Sentiment Analysis for Turkish Twitter Feeds


Coban Ö., Özyer B., Ozyer G. T.

23nd Signal Processing and Communications Applications Conference (SIU), Malatya, Türkiye, 16 - 19 Mayıs 2015, ss.2388-2391 identifier identifier

  • Yayın Türü: Bildiri / Tam Metin Bildiri
  • Doi Numarası: 10.1109/siu.2015.7130362
  • Basıldığı Şehir: Malatya
  • Basıldığı Ülke: Türkiye
  • Sayfa Sayıları: ss.2388-2391
  • Anahtar Kelimeler: twitter, sentiment analysis, sentiment classification, machine learning, text classification
  • Atatürk Üniversitesi Adresli: Evet

Özet

Sentiment analysis is one of the most useful tools in social media monitoring.

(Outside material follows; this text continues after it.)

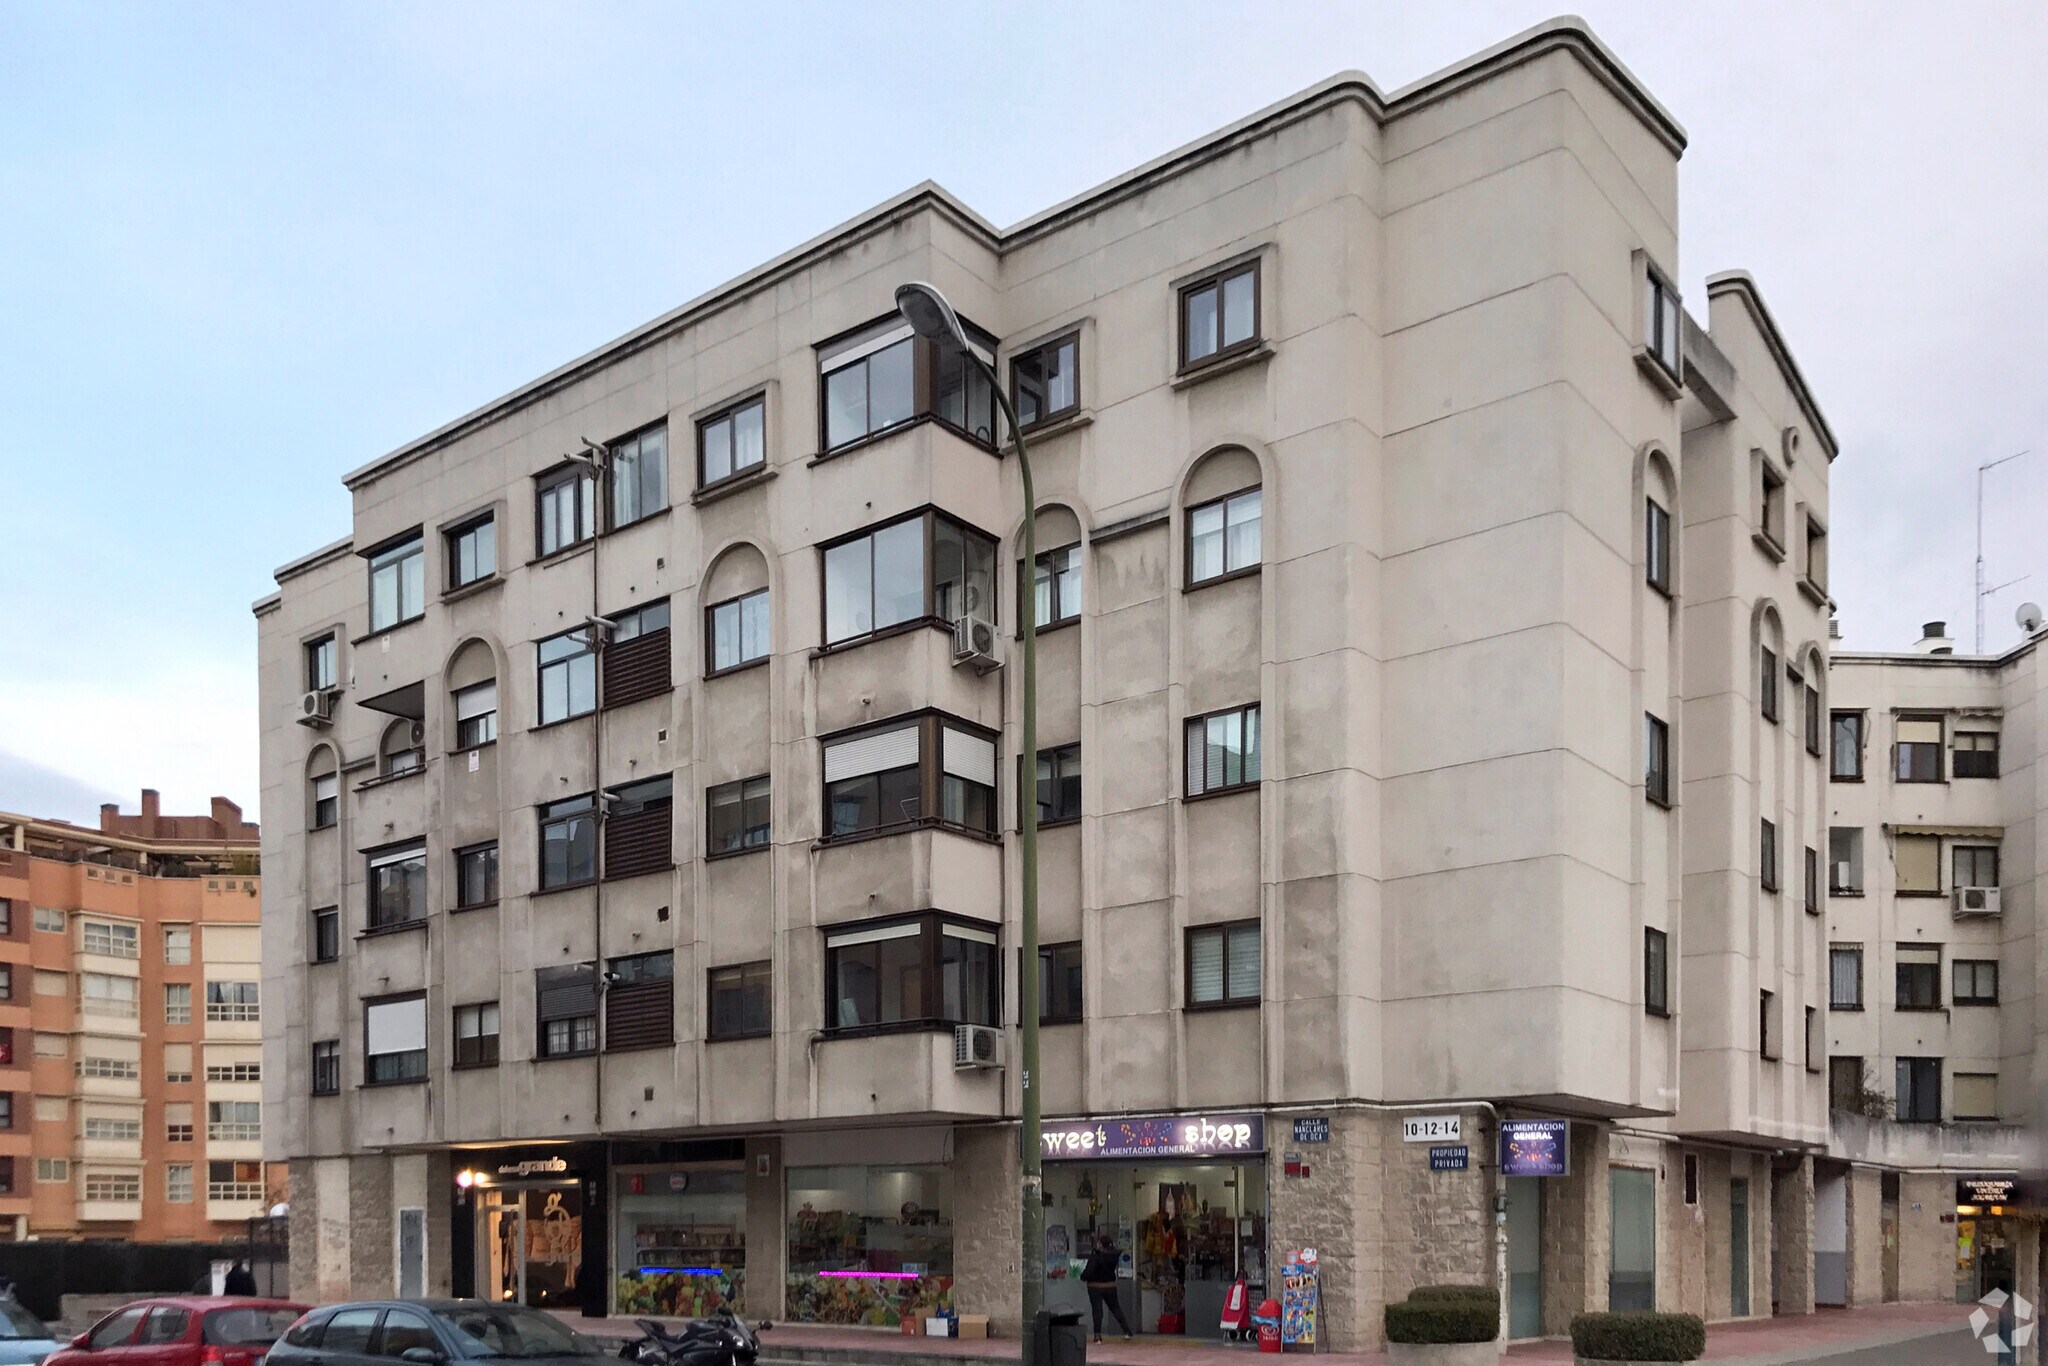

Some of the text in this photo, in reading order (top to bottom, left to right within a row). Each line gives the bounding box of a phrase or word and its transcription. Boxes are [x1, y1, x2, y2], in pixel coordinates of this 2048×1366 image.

Implementing sentiment analysis on data gained from social media (Blogs, Twitter, and Facebook) can increase the customer satisfaction and decrease the costs for a company. Also sentiment analysis can be used in various domains, such as economic, commercial and opinion mining for the users to get meaningful information. In this study, Turkish Twitter feeds collected from Twitter API have been analyzed in terms of the sentiment context whether positive or negative using document classification methods. Experimental results have been conducted on machine learning algorithms such as SVM, Naive Bayes, Multinomial Naive Bayes and KNN. The features represented by vector space are extracted from two different models which are Bag of Words and N-Gram. The experimental results have been investigated on the effect of classification methods.